Suppressing random dopant-induced fluctuations of threshold voltages in semiconductor devices

Abstract

This article introduces a robust and computationally efficient technique for the design of fluctuation-resistant structures (fault-tolerant) semiconductor devices. This technique can be applied to the computation of the doping profiles that minimize the intrinsic variations in various parameters induced by random dopant fluctuations. The technique is based on the evaluation of doping sensitivity functions, which are defined as elements of the space adjoint to the space of square integrable functions generated by all possible doping variations. The optimized doping profiles are computed by minimizing the standard deviation of fluctuations of different parameters, and constraints are taken into consideration by using the Lagrange multiplier method. The technique introduced here can be applied to any semiconductor device, such as metal-oxide-semiconductor field-effect transistors (MOSFETs), silicon-on-insulator (SOI) devices, and fin field-effect transistors, and can be used in the framework of any transport model.
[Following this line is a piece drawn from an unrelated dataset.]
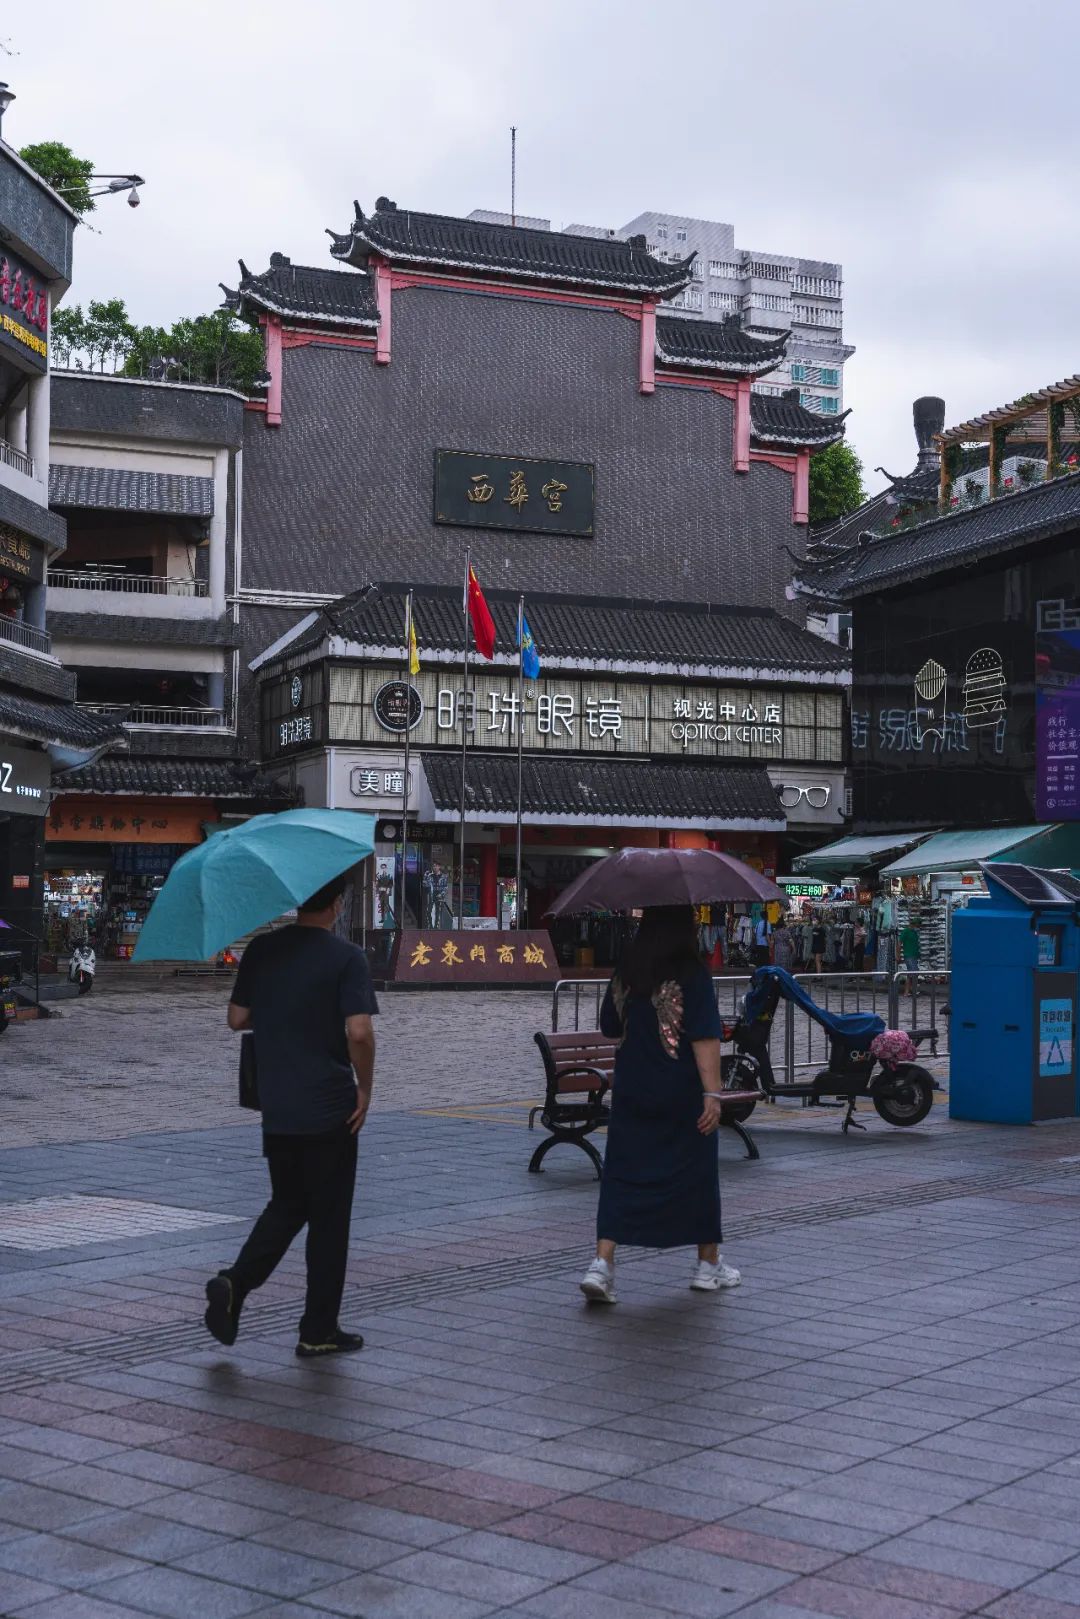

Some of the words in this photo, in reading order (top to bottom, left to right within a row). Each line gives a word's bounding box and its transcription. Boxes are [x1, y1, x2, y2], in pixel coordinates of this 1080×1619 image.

[673, 698, 781, 723] 视光中心店
[1047, 727, 1080, 739] 社会主
[359, 769, 407, 794] 美瞳
The technique is applied to the minimization of the random dopant-induced fluctuations of threshold voltages in 25 nm channel length MOSFETs and double-gate fully depleted SOI devices. It is shown that, by carefully designing the doping profiles, random dopant-induced fluctuations can be suppressed between 16% in the case of constrained optimization and 35% in the case of unconstrained optimization for devices with channel lengths smaller than 25 nm. Analytical equations are derived for the optimum doping profiles that minimize the effects of random dopant fluctuations on the threshold voltage in MOSFETs. It is shown that, in both long-channel and short-channel devices, the size of the undoped region should be at least 14 of the width of the depletion region in order to suppress efficiently the random dopant-induced fluctuations.